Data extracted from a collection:
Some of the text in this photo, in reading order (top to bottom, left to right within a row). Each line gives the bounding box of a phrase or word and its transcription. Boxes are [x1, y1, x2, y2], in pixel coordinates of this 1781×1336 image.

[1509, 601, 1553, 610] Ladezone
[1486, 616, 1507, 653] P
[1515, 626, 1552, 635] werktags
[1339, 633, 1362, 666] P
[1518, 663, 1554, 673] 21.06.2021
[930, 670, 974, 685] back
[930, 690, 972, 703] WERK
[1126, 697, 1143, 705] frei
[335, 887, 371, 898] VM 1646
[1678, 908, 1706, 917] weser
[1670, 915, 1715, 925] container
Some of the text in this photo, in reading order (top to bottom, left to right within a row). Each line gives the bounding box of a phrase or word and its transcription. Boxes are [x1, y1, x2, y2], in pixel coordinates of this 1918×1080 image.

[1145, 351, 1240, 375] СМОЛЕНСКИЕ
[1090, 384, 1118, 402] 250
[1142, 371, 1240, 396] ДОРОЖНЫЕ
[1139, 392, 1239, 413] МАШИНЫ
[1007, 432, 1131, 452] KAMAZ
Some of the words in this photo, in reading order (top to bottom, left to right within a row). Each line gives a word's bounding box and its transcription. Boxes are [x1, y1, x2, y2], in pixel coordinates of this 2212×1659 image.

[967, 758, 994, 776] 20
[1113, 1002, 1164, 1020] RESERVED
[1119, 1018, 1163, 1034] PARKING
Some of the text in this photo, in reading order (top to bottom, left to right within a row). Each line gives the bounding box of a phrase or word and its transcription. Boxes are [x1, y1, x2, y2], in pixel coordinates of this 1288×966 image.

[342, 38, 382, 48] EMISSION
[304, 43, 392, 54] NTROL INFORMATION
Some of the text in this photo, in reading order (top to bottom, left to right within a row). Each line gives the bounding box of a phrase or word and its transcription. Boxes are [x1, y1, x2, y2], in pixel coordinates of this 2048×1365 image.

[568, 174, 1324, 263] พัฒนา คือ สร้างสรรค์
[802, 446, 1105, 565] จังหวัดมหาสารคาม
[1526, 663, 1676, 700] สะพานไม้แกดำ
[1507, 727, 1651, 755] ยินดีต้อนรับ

INSTRUCTIONS TO FOLLOW:
Output nothing but the line containing "this 2048×1365 image." and each line after it in the entries above, exactly as written.

WRITTEN RESPONSE:
Some of the text in this photo, in reading order (top to bottom, left to right within a row). Each line gives the bounding box of a phrase or word and its transcription. Boxes are [x1, y1, x2, y2], in pixel coordinates of this 2048×1365 image.

[568, 174, 1324, 263] พัฒนา คือ สร้างสรรค์
[802, 446, 1105, 565] จังหวัดมหาสารคาม
[1526, 663, 1676, 700] สะพานไม้แกดำ
[1507, 727, 1651, 755] ยินดีต้อนรับ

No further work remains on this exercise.